Development and characterization of bacterial cellulose/natural rubber composite films

Abstract

The composite of bacterial cellulose (BC) and natural rubber (NR) has been developed in this study to combine the prominent properties between strength from three-dimensional structure of BC nanocellulose and flexible molecular chain of isoprene (C5H8). BC membranes were produced by A. xylinum using coconut-water medium under static incubation for 5 days. The BC membrane were then purified and immersed in NR latex solution at various concentrations (0-10 % v/v). The influence immersion temperature (30°C, 50°C, 60°C and 70°C) and a ratio of ethanol in the solvent were also investigated. The results were compared with the unmodified BC. NR particles were characterized by Laser particle size distribution (PSD), the morphology and cross-section of films by Field Emission Scanning Electron Microscopy (FESEM), functional groups and intermolecular interactions by Fourier Transform Infrared Spectroscopy (FTIR), the crystallinity structure by X-ray diffraction (XRD), the thermal properties of composite films by Differential Scanning Calorimetry (DSC), the mechanical properties by Instron testing machine, the water absorption capacity, toluene uptake and biodegradable in soil measurements.

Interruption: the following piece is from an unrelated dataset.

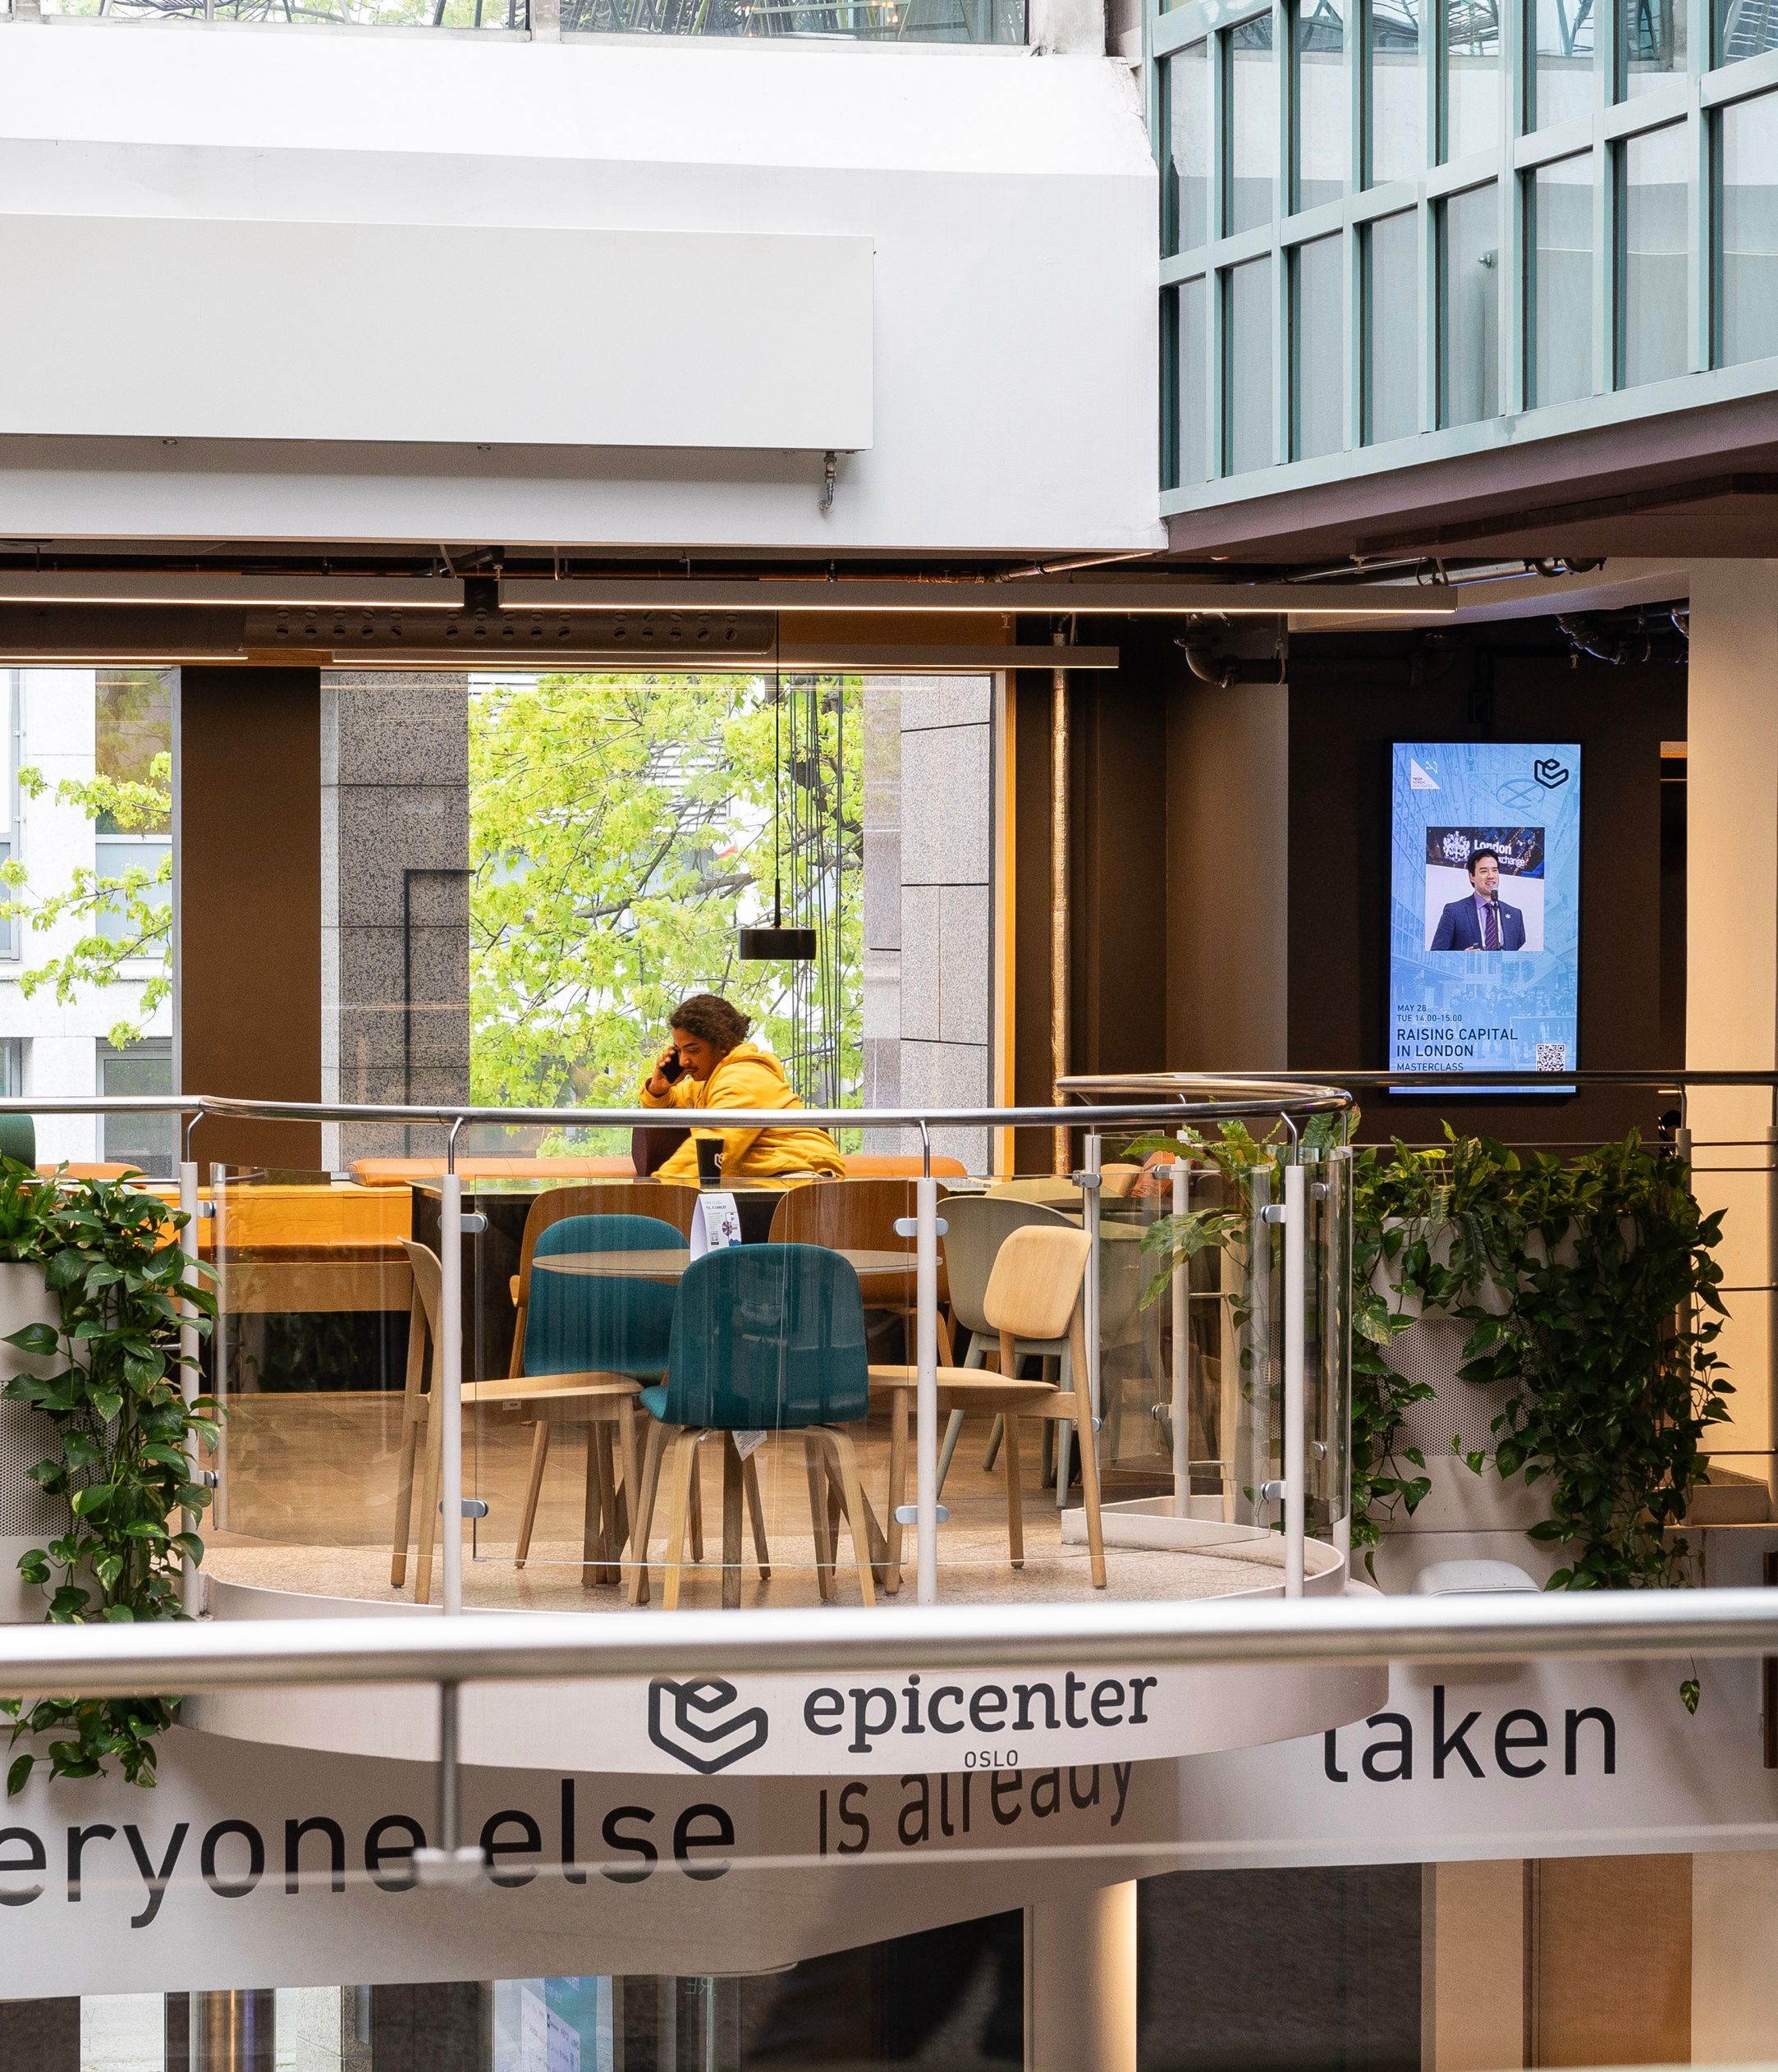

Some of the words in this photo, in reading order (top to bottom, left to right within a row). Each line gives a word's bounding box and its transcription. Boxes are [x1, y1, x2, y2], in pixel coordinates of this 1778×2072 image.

According to the experiments, the addition of a certain amount of ethanol slightly affected NR particle size but helped reduce the viscosity of NRL, resulting in more penetration of NR molecules into BC. The optimal condition was the immersion at 2.5–5.0 % NR latex solution, under the temperature of 50-60°C, where the thickness of the composite could be enhanced from ~12 μm of the unmodified BC to ~20-27 μm. The crystallinity structure of the composite films remained as BC structure. The new peak was not occurred from FTIR analysis; however a slight shift of hydroxyl peaks might indicate some weak physical interactions between BC and NR. The results show that the water absorption decreased and the toluene uptake increased as compared to normal BC film. Moreover, the tensile strength and elongation at break of the NR-BC composited films were significantly improved for 3-6 folds in comparison to the normal BC film. The results of biodrgradation in soil showed that the composite films could completely degrade for 5-6 weeks.